Start to finish, retype the entries exactly while omitting the pictures.
—————
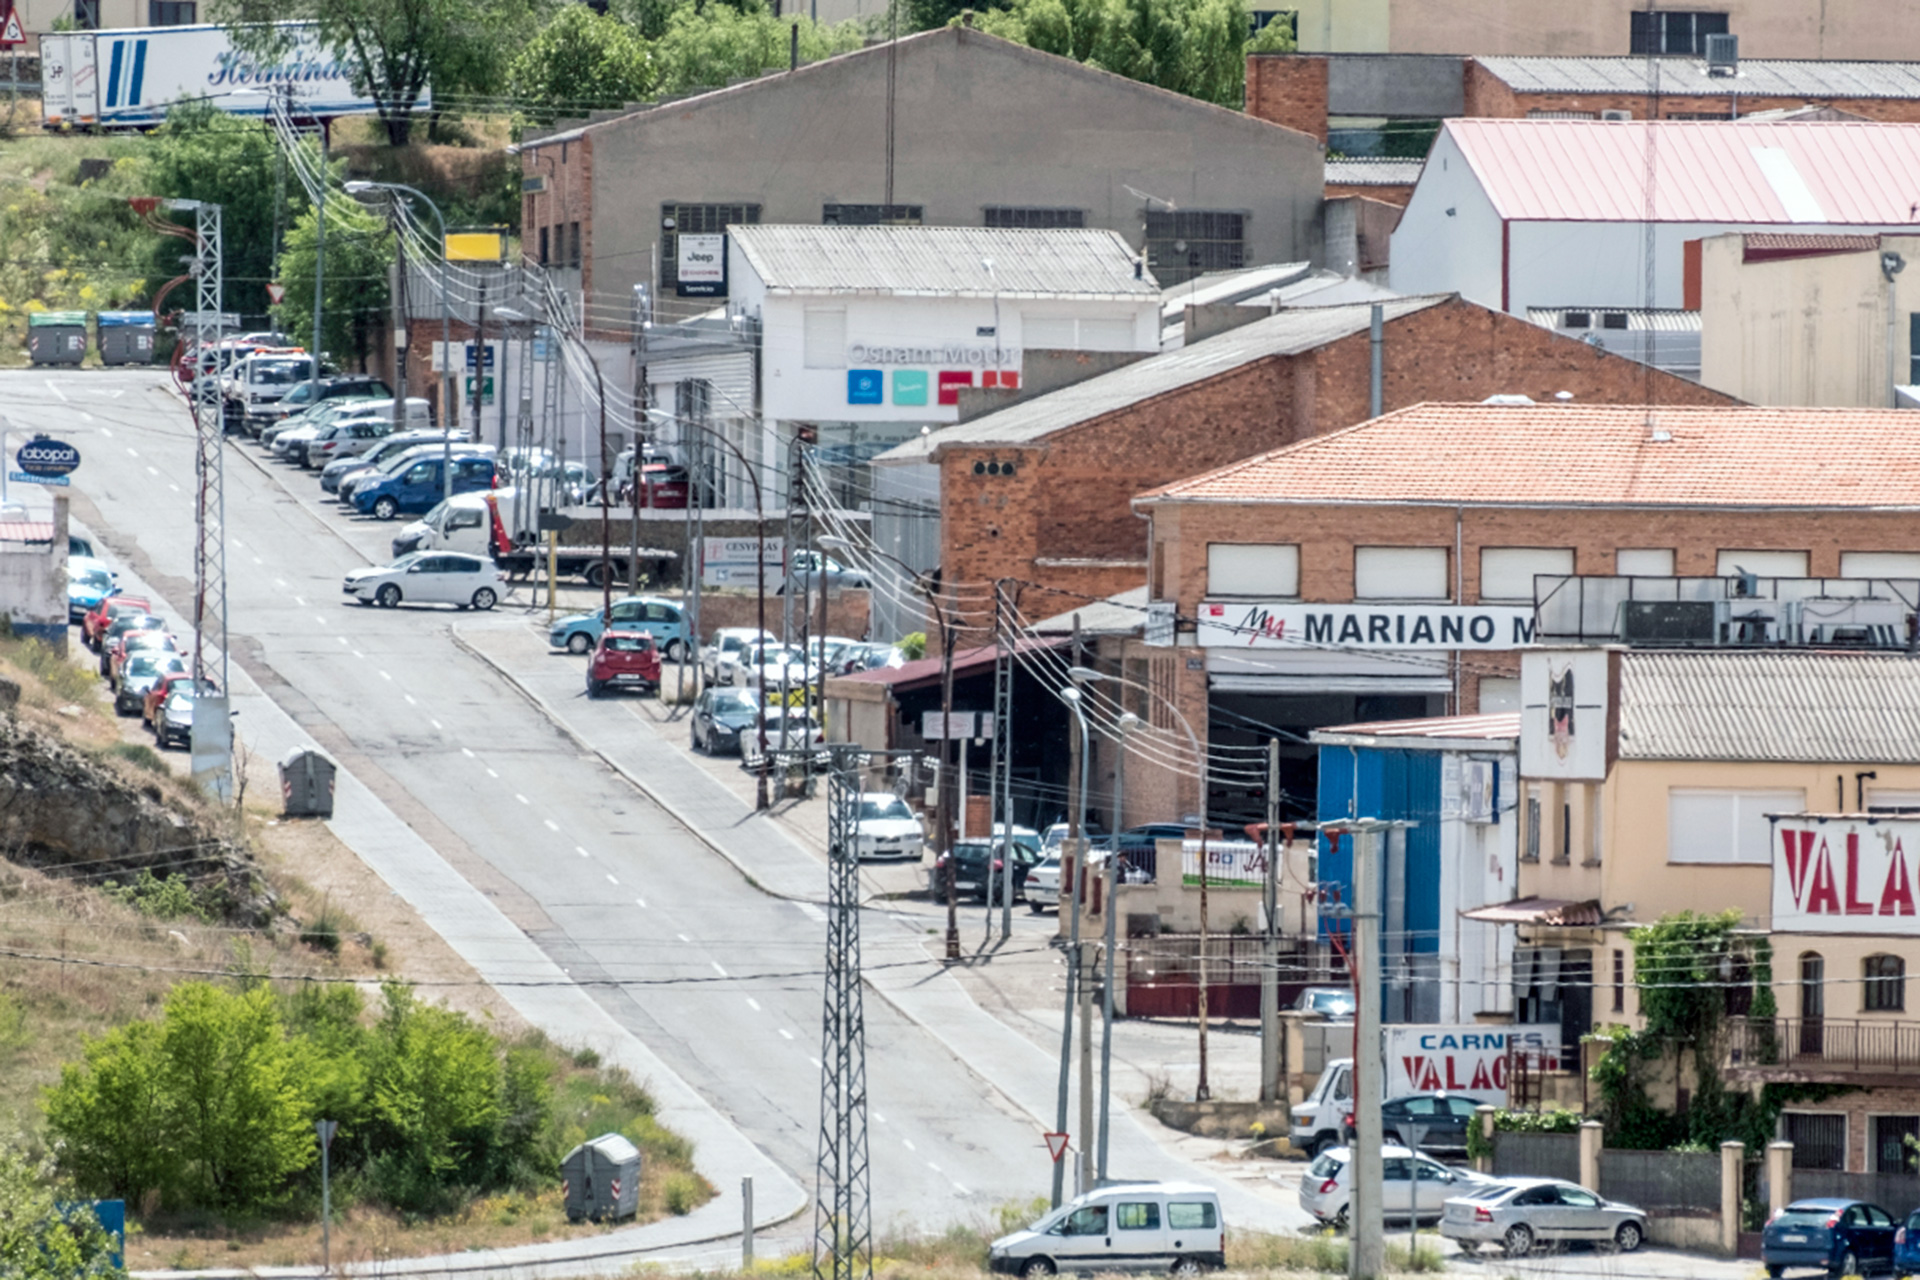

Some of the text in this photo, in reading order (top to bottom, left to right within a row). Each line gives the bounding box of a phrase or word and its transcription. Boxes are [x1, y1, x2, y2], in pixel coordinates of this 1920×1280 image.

[687, 251, 714, 263] Jeep
[943, 344, 1019, 365] Motor
[21, 446, 75, 463] labopat
[725, 542, 778, 551] CESYPAS
[1305, 614, 1495, 645] MARIANO
[1781, 828, 1920, 916] VALA
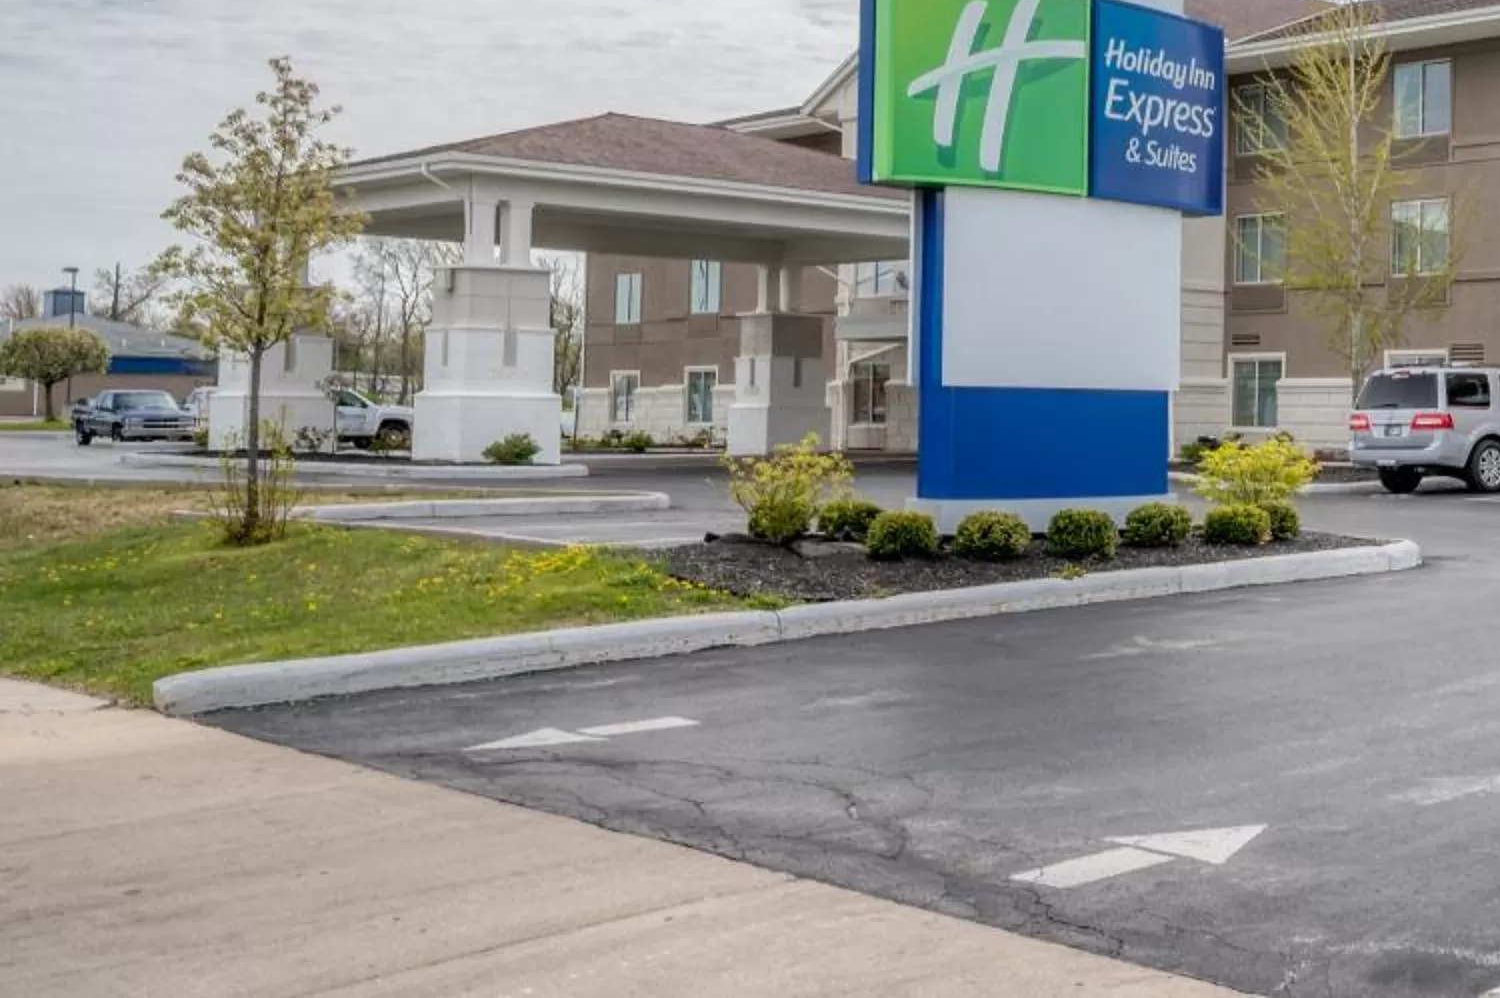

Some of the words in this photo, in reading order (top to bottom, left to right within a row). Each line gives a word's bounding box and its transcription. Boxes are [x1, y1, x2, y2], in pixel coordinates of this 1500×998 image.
—————
_SOLUTION FOR THIS TASK_
Some of the text in this photo, in reading order (top to bottom, left to right within a row). Each line gives the bounding box of a phrase or word and its transcription. Boxes are [x1, y1, x2, y2], in pixel coordinates of this 1920×1280 image.

[687, 251, 714, 263] Jeep
[943, 344, 1019, 365] Motor
[21, 446, 75, 463] labopat
[725, 542, 778, 551] CESYPAS
[1305, 614, 1495, 645] MARIANO
[1781, 828, 1920, 916] VALA

Some of the words in this photo, in reading order (top to bottom, left to right within a row). Each line gives a word's bounding box and its transcription. Boxes are [x1, y1, x2, y2], in pixel coordinates of this 1500×998 image.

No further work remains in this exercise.